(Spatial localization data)
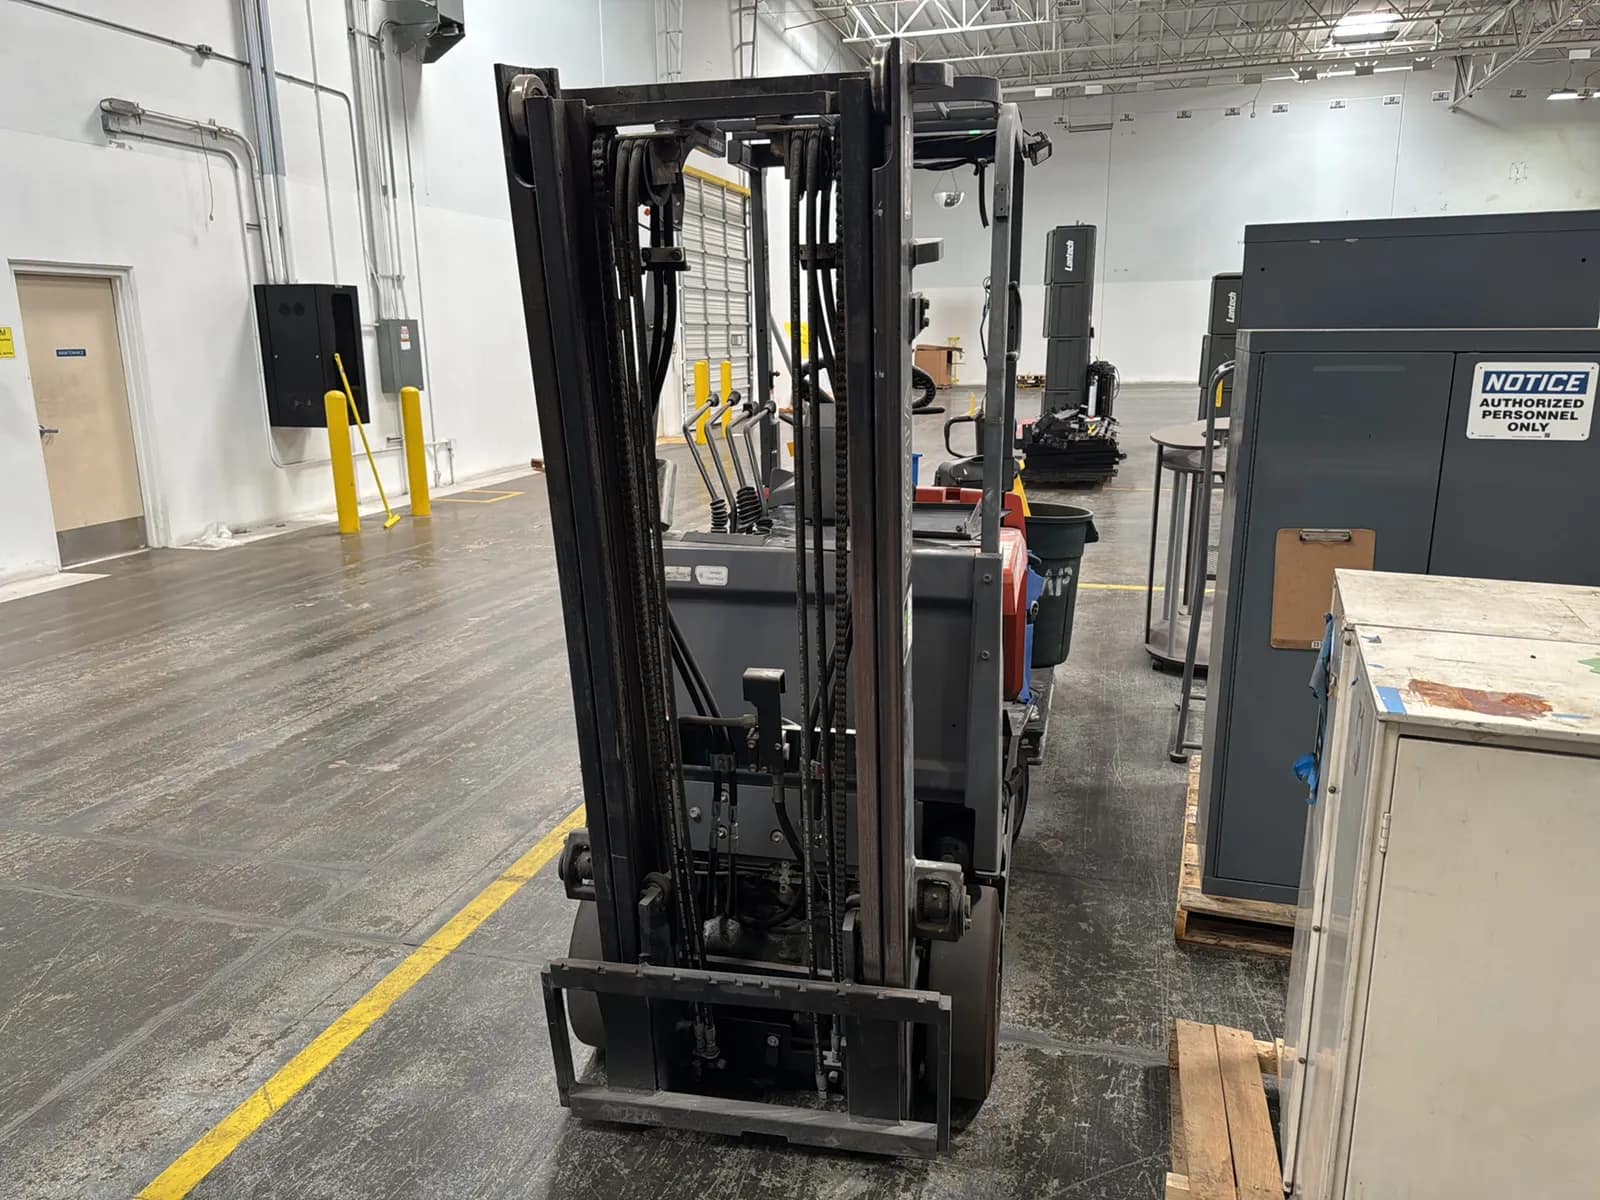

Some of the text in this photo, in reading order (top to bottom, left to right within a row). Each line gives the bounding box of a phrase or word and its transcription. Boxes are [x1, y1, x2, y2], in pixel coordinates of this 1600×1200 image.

[1065, 240, 1074, 271] Lantech
[1226, 291, 1237, 323] Lantech
[1485, 374, 1586, 392] NOTICE
[1480, 398, 1585, 409] AUTHORIZED
[1482, 410, 1579, 421] PERSONNEL
[1507, 422, 1550, 432] ONLY

### [HOW TO COMPLETE THIS TASK]
Could you give all of the data again exactly as written, omitting any pictures?

### [ANSWER AREA]
Some of the text in this photo, in reading order (top to bottom, left to right within a row). Each line gives the bounding box of a phrase or word and its transcription. Boxes are [x1, y1, x2, y2], in pixel coordinates of this 1600×1200 image.

[1065, 240, 1074, 271] Lantech
[1226, 291, 1237, 323] Lantech
[1485, 374, 1586, 392] NOTICE
[1480, 398, 1585, 409] AUTHORIZED
[1482, 410, 1579, 421] PERSONNEL
[1507, 422, 1550, 432] ONLY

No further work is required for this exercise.